La publicité aussi a besoin de relectures sensibles

Souvent, en début d’année, je cherche un mot qui va me donner un cap pour les 12 mois à venir. L’année dernière, c’était step change, passer à l’étape supérieure. Ce que je n’ai pas mal réussi en quittant une boîte où j’étais depuis 10 ans pour me lancer dans la formation en communication inclusive et le coaching. En contribuant à un livre. En passant à la télé. Et d’autres petites choses.
Pour 2024, un mot trotte dans ma tête depuis quelques mois : sensibilité. Je ne sais pas encore très bien comment il peut devenir un mot d’ordre mais j’ai envie de l’explorer. Notamment depuis que j’ai découvert qu’une traduction française qui circule pour l’expression sensitivity readers est celle de démineur éditorial. J’en ai perdu mon anglais.

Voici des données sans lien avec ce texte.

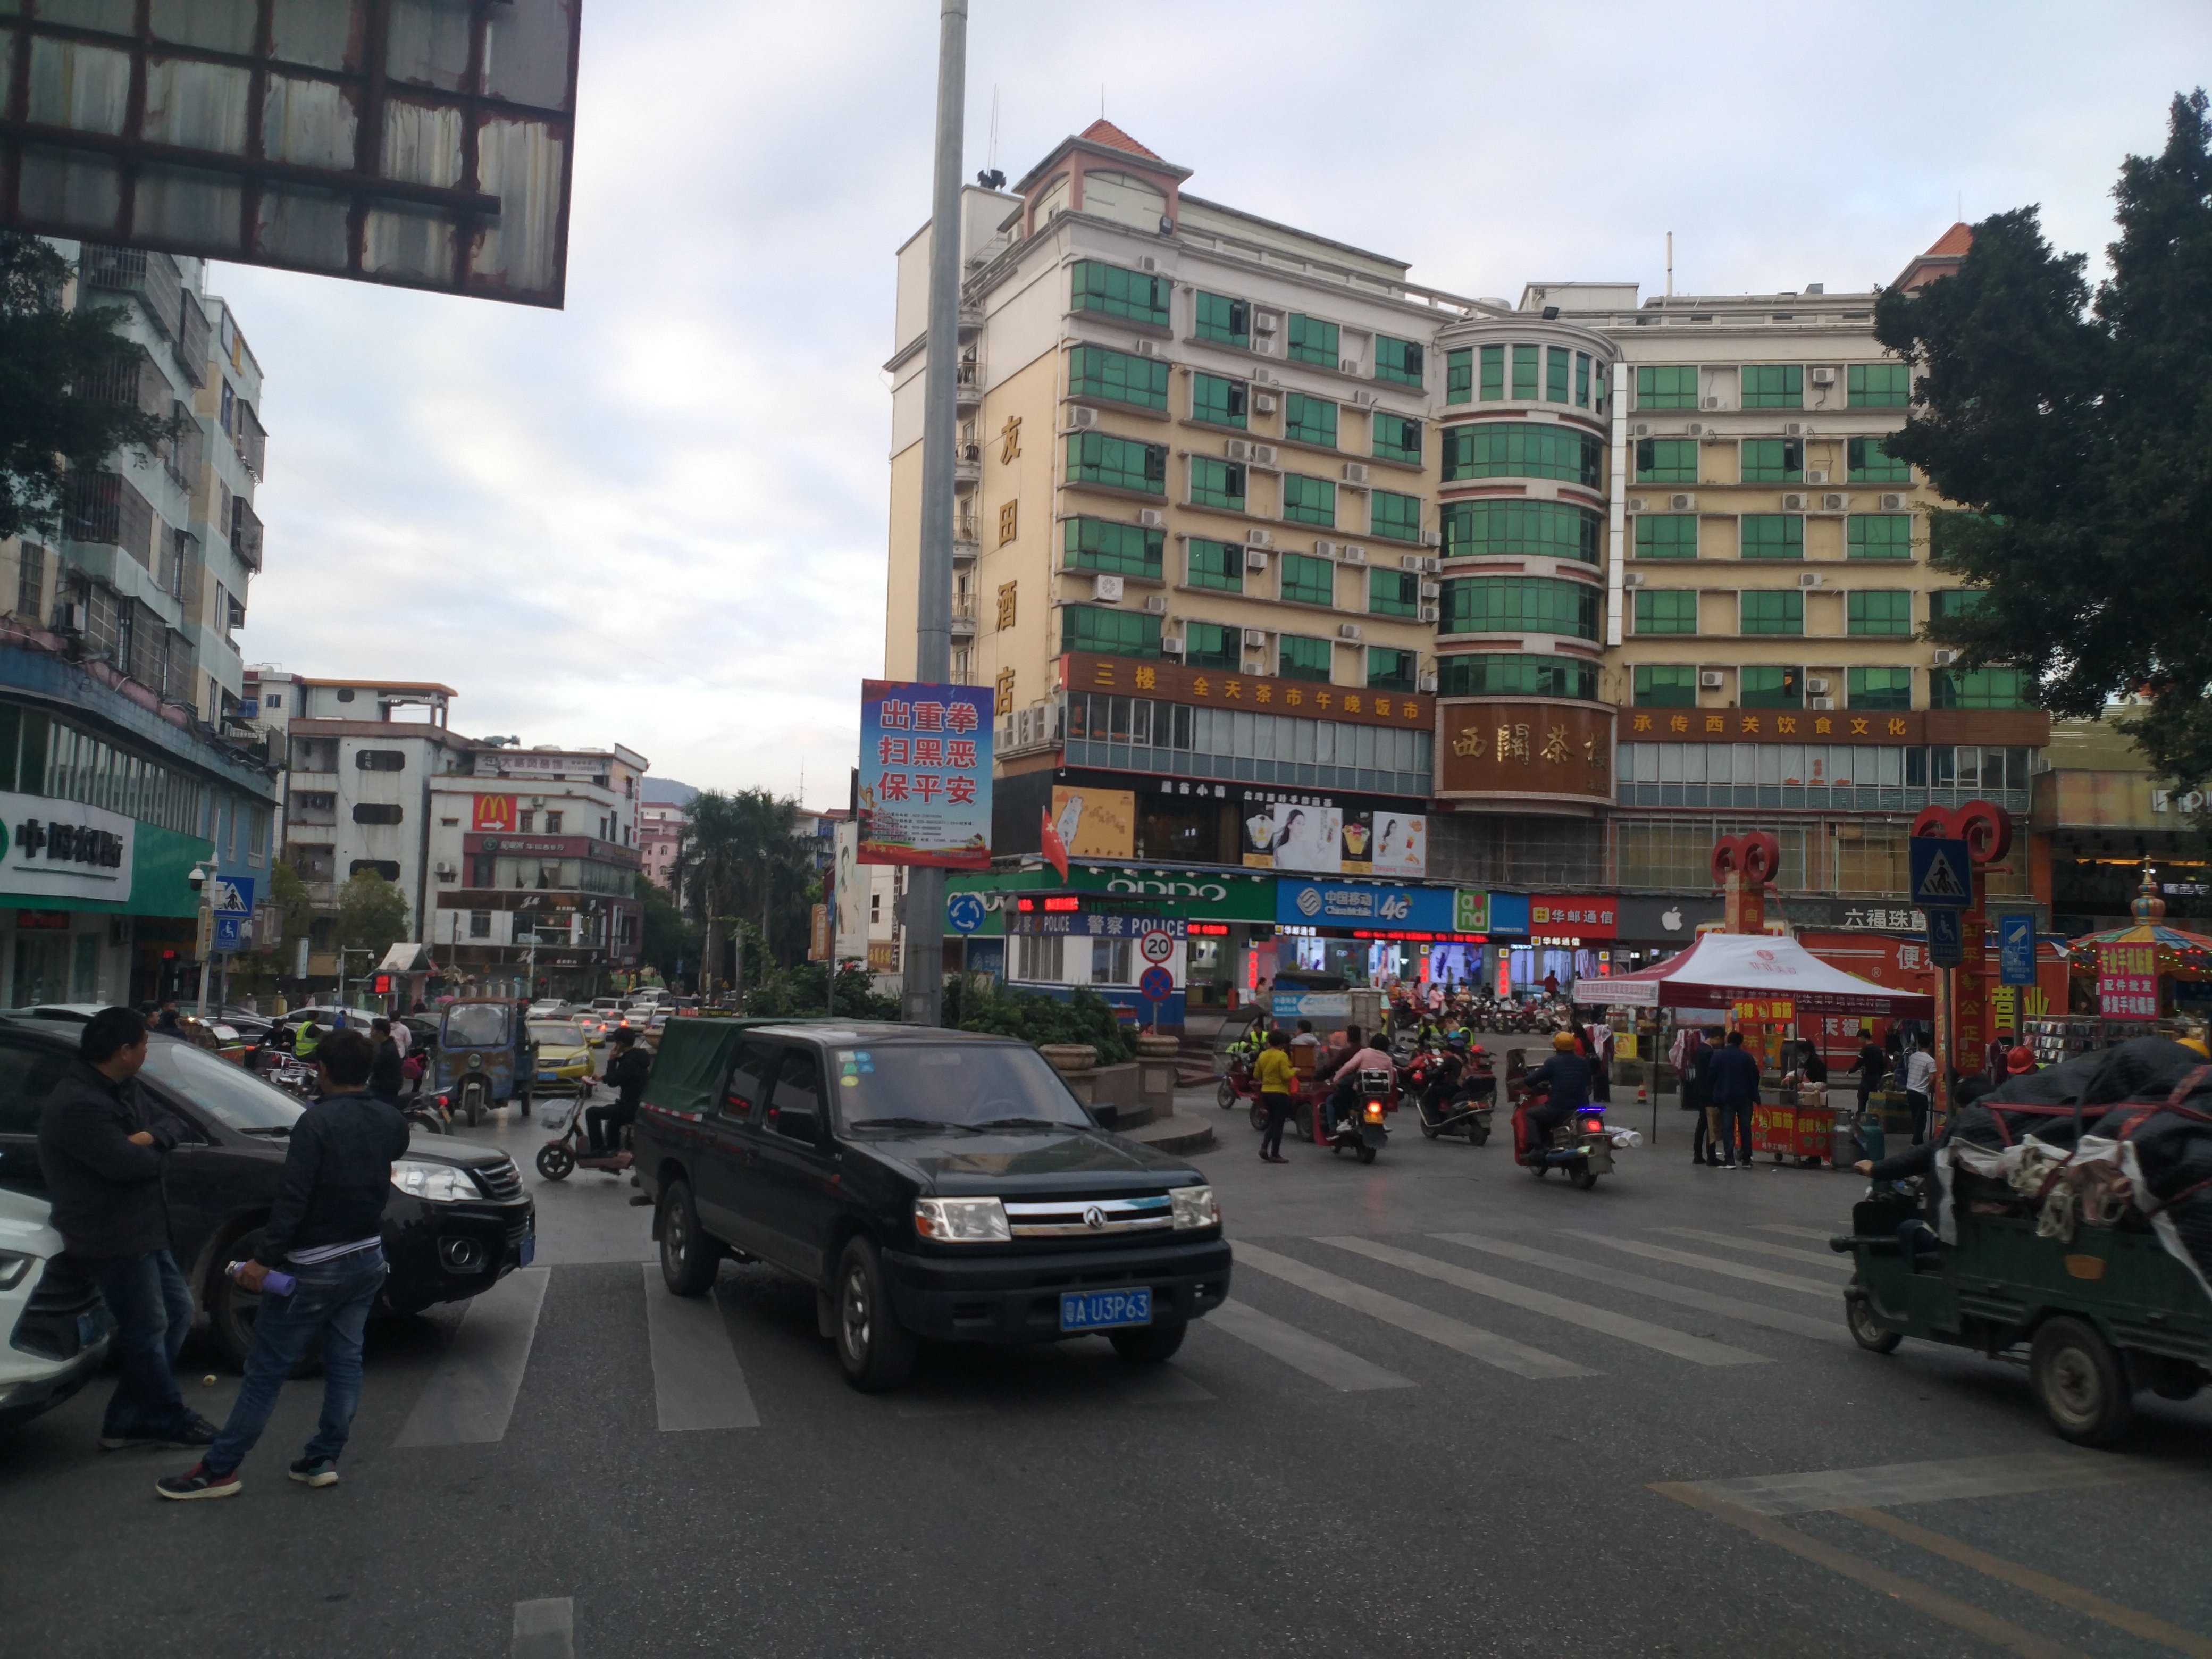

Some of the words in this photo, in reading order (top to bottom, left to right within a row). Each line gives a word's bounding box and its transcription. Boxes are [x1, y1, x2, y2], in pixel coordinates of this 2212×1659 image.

[994, 415, 1022, 717] 友田酒店
[1094, 662, 1155, 690] 三楼
[1193, 677, 1419, 719] 全天茶市午晚饭市
[880, 699, 978, 734] 出重拳
[1633, 714, 1907, 736] 承传西关饮食文化
[878, 736, 978, 769] 扫黑恶
[877, 771, 977, 805] 保平安
[1325, 890, 1372, 906] 中国移动
[1380, 894, 1409, 920] 4G
[1043, 915, 1070, 932] POLICE
[1087, 914, 1124, 935] 警察
[1131, 918, 1185, 937] POLICE
[1552, 909, 1614, 925] 华邮通信
[1845, 908, 1926, 929] 六福珠寶
[1147, 939, 1168, 954] 20
[1543, 936, 1580, 946] 华邮通信
[1958, 901, 1978, 1069] 由平等公正法
[2102, 979, 2151, 992] 配件批发
[1991, 985, 2050, 1029] 营业
[1820, 1018, 1859, 1036] 天福

Quand la sensibilité fait l’actualité

Depuis quelques années, on parle en France des sensitivity readers, des personnes chargées de relire des œuvres avant parution (souvent des romans mais aussi de la littérature jeunesse) avec un prisme inclusif, c’est-à-dire en repérant la présence de stéréotypes ou de formulations imprécises qui pourraient avoir pour conséquence de blesser certaines personnes.
En France, les médias se sont emparés du sujet à la rentrée littéraire de septembre 2023 quand l’auteur canadien Kevin Lambert a été nominé au Goncourt pour son roman Que notre joie demeure, ouvrage qui a fait l’objet, à sa demande, d’une relecture sensible. Il n’a finalement pas gagné ce prix mais a contribué à créer un cycle médiatique autour de ces (re)lectures sensibles : on parle d’un phénomène venu des Etats-Unis qui questionne la liberté d’expression des auteurs et autrices et évoque une censure au nom de la protection de la sensibilité des « minorités » (je dirais des groupes minorisés, ça serait déjà plus précis).

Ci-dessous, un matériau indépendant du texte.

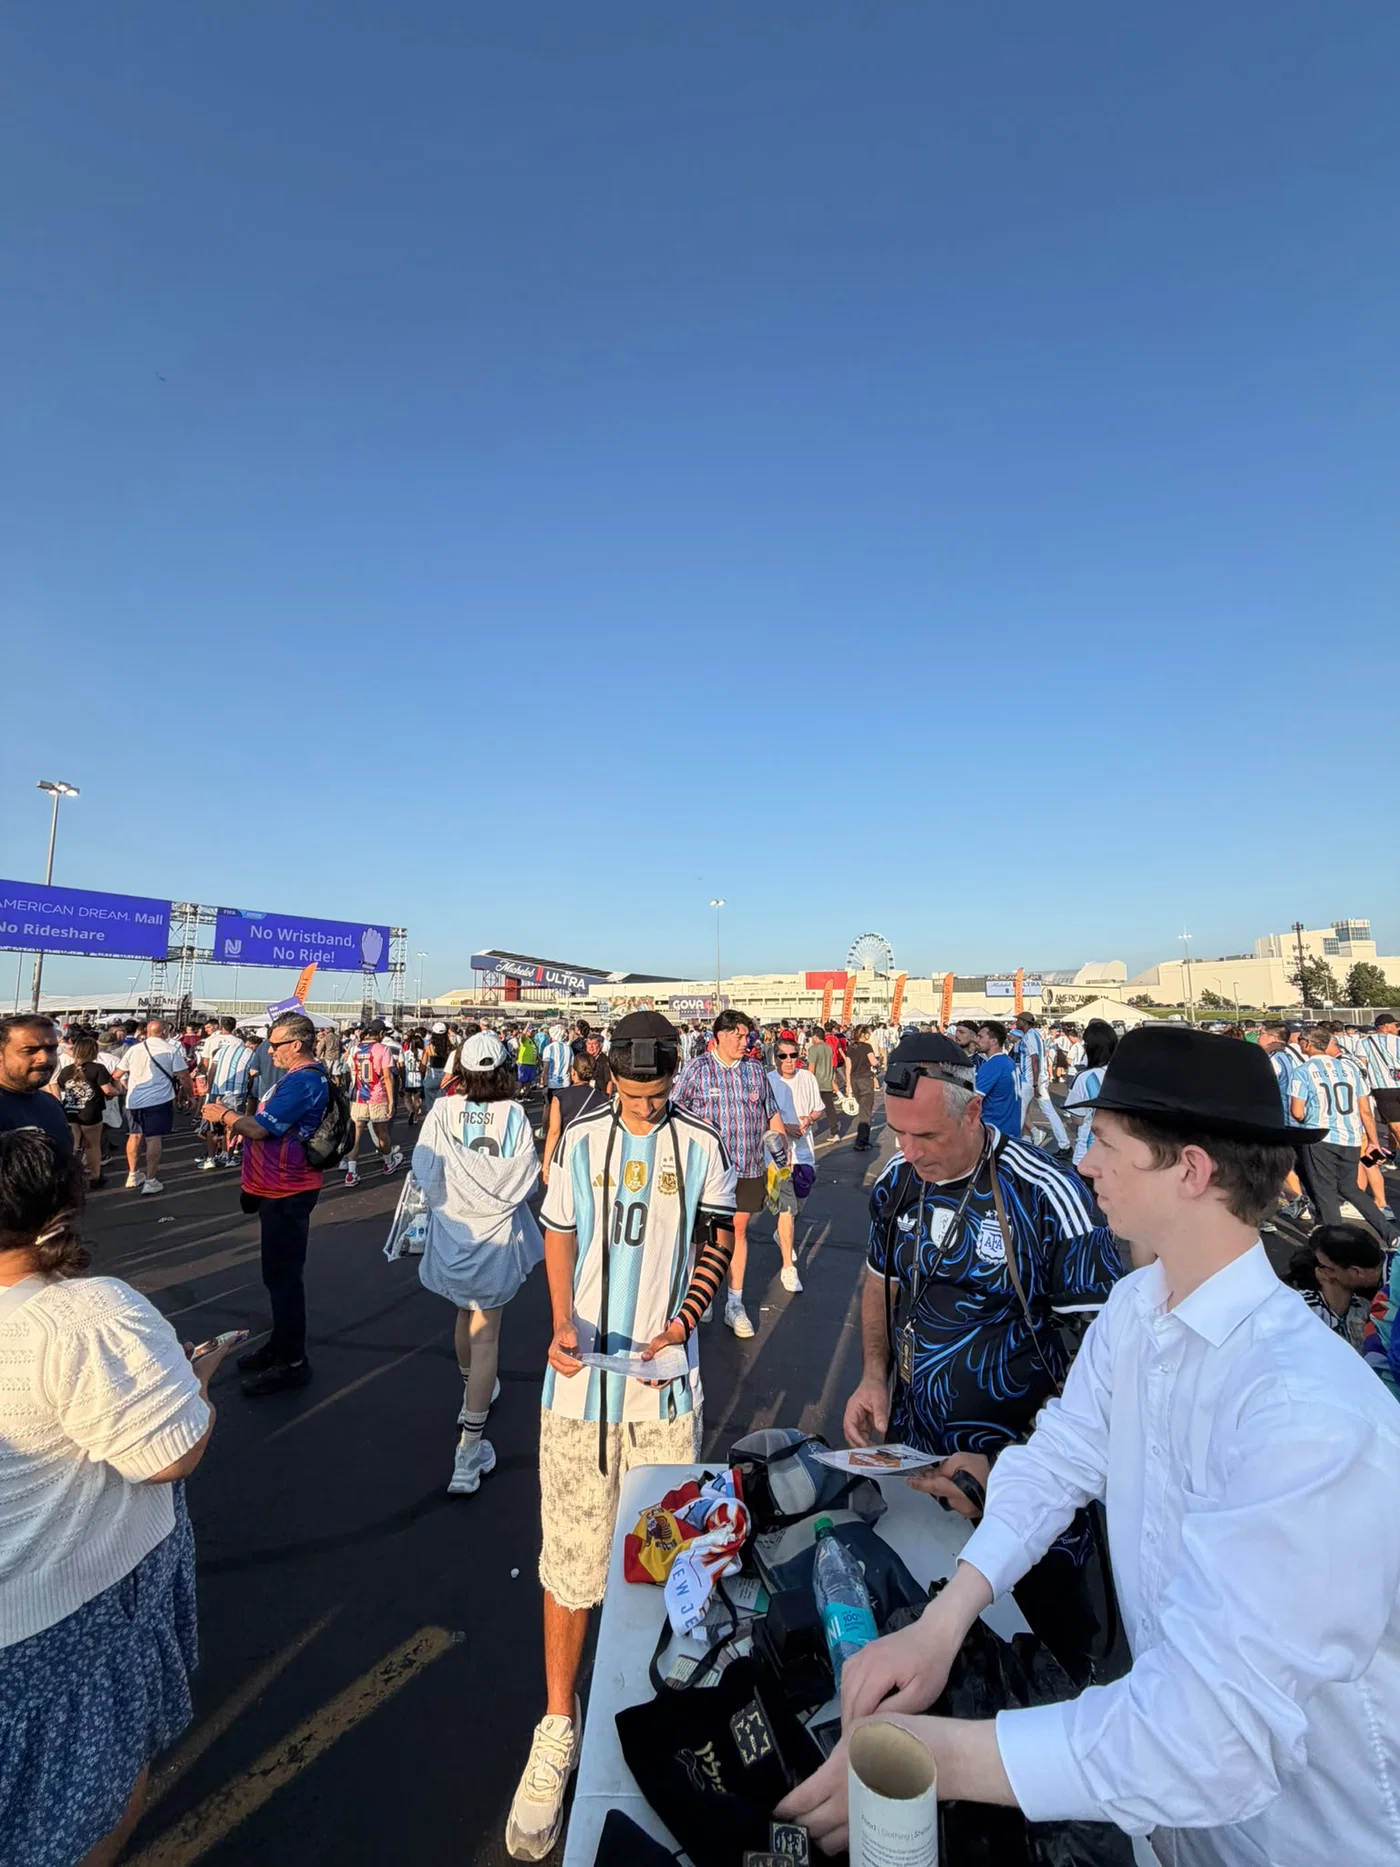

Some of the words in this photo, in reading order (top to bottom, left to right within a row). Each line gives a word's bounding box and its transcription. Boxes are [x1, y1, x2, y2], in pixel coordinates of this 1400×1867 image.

Les opinions se forment et le fantasme naît, dans le droit sillon de la polarisation des opinions sur les sujets qui font l’actualité sociétale des dernières années : la cancel culture, l’appropriation culturelle ou l’écriture inclusive. D’un côté un discours qui tend à dénoncer une censure de la pensée et une hypersensibilité des personnes discriminées, de l’autre la dénonciation d’une posture considérée comme réactionnaire et défendue par des personnes privilégiées.

Spoiler alert : c’est évidemment plus complexe que ça.
Comme toujours, ce qu’il manque au « débat » est la nuance et le regard critique, c’est-à-dire la capacité à examiner le sujet dans ses aspects constructifs et problématiques pour former son jugement.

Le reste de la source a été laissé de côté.